-- Opening Marker --

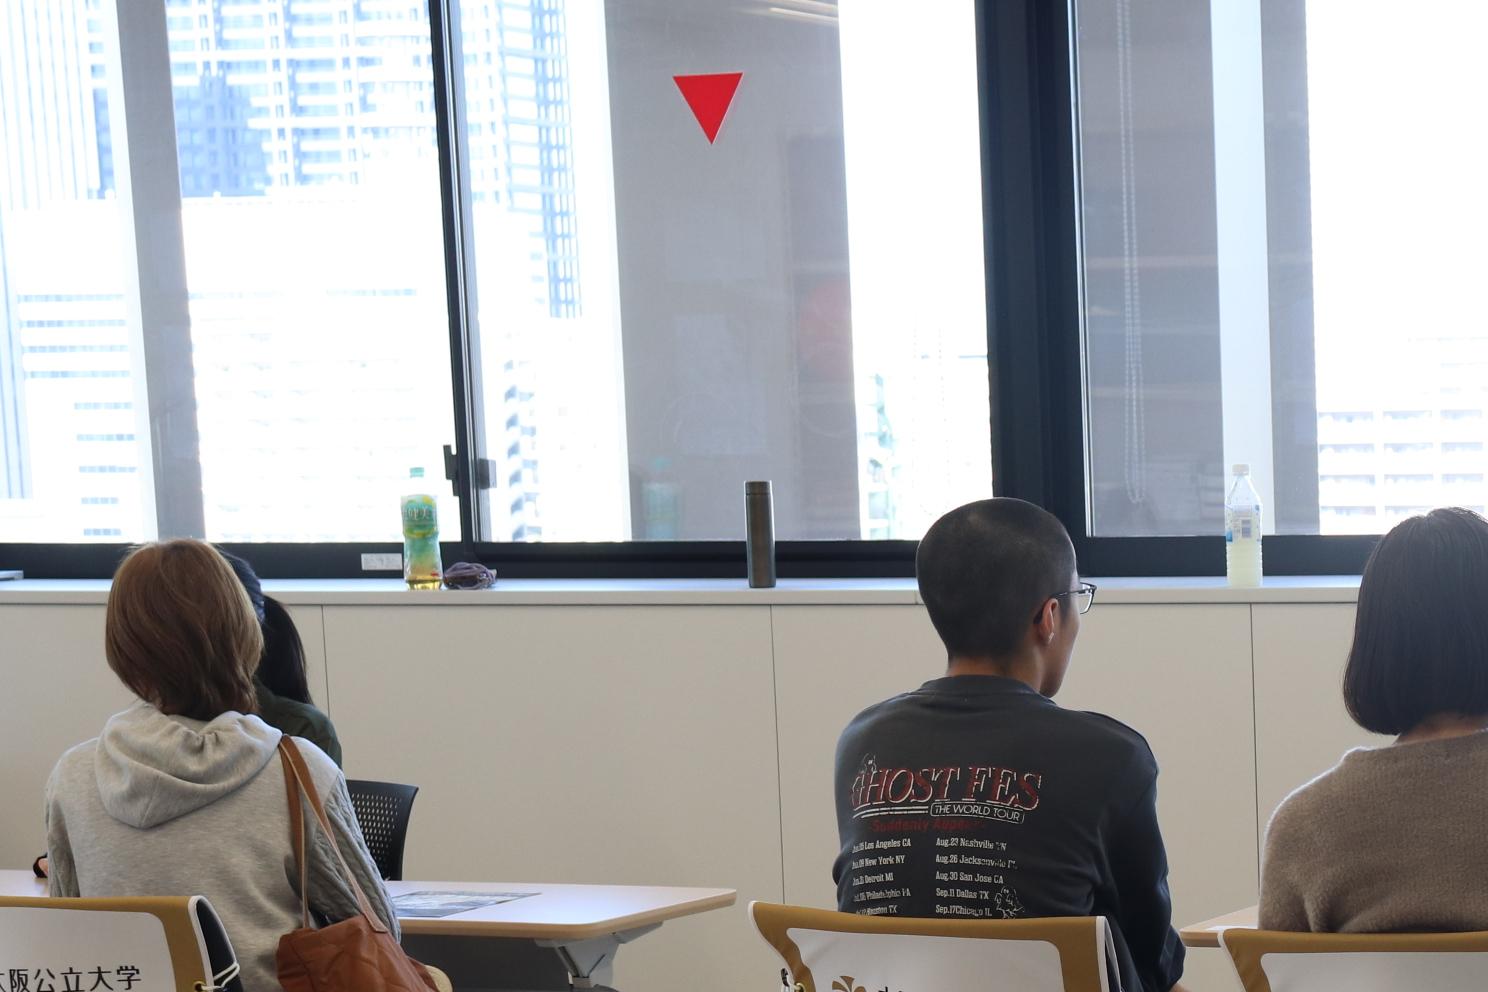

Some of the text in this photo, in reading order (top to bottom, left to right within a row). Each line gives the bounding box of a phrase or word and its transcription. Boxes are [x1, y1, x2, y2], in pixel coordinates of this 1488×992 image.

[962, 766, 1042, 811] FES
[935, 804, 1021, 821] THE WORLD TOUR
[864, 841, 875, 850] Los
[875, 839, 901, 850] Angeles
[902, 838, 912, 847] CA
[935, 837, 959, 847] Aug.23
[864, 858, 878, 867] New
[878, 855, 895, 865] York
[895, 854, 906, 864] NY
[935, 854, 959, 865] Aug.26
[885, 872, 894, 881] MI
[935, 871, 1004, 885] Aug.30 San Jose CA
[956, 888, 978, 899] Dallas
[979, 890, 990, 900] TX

-- Closing Marker --

» Task item: Reproduce the listing in full and exactly, excluding any pictures it holds.

» Answer below:
Some of the text in this photo, in reading order (top to bottom, left to right within a row). Each line gives the bounding box of a phrase or word and its transcription. Boxes are [x1, y1, x2, y2], in pixel coordinates of this 1488×992 image.

[962, 766, 1042, 811] FES
[935, 804, 1021, 821] THE WORLD TOUR
[864, 841, 875, 850] Los
[875, 839, 901, 850] Angeles
[902, 838, 912, 847] CA
[935, 837, 959, 847] Aug.23
[864, 858, 878, 867] New
[878, 855, 895, 865] York
[895, 854, 906, 864] NY
[935, 854, 959, 865] Aug.26
[885, 872, 894, 881] MI
[935, 871, 1004, 885] Aug.30 San Jose CA
[956, 888, 978, 899] Dallas
[979, 890, 990, 900] TX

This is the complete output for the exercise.